** Opening Dataset extract block **

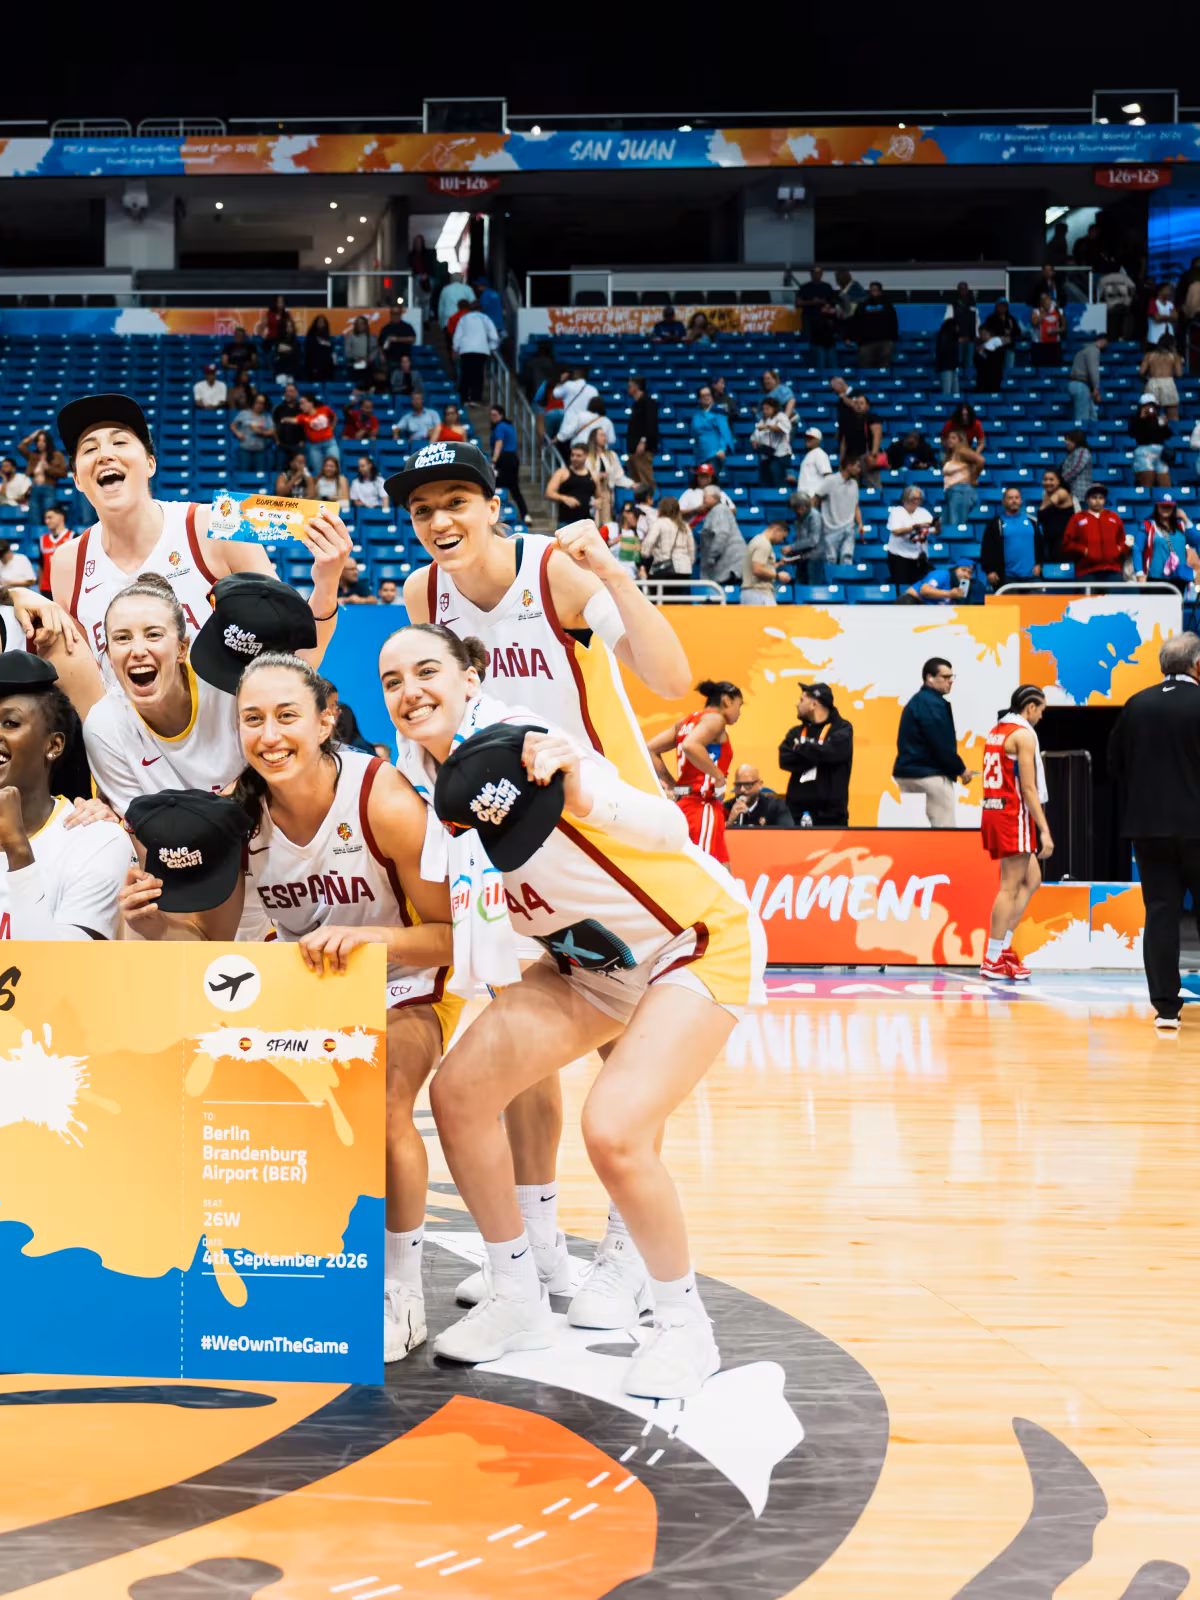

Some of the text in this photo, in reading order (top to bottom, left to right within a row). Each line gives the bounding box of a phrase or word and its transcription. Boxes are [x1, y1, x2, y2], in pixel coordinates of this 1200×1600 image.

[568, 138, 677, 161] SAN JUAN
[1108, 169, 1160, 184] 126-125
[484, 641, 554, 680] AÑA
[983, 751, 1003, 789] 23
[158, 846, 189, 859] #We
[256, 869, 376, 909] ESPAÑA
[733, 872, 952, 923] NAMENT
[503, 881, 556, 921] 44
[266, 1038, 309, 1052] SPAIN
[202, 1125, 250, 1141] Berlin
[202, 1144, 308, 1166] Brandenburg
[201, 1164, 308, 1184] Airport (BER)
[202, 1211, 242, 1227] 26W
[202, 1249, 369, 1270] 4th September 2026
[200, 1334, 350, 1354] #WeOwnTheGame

** Closing Dataset extract block **

[Work item] Each entry above must be duplicated precisely; none of the pictures may be included.

[Expected output]
Some of the text in this photo, in reading order (top to bottom, left to right within a row). Each line gives the bounding box of a phrase or word and its transcription. Boxes are [x1, y1, x2, y2], in pixel coordinates of this 1200×1600 image.

[568, 138, 677, 161] SAN JUAN
[1108, 169, 1160, 184] 126-125
[484, 641, 554, 680] AÑA
[983, 751, 1003, 789] 23
[158, 846, 189, 859] #We
[256, 869, 376, 909] ESPAÑA
[733, 872, 952, 923] NAMENT
[503, 881, 556, 921] 44
[266, 1038, 309, 1052] SPAIN
[202, 1125, 250, 1141] Berlin
[202, 1144, 308, 1166] Brandenburg
[201, 1164, 308, 1184] Airport (BER)
[202, 1211, 242, 1227] 26W
[202, 1249, 369, 1270] 4th September 2026
[200, 1334, 350, 1354] #WeOwnTheGame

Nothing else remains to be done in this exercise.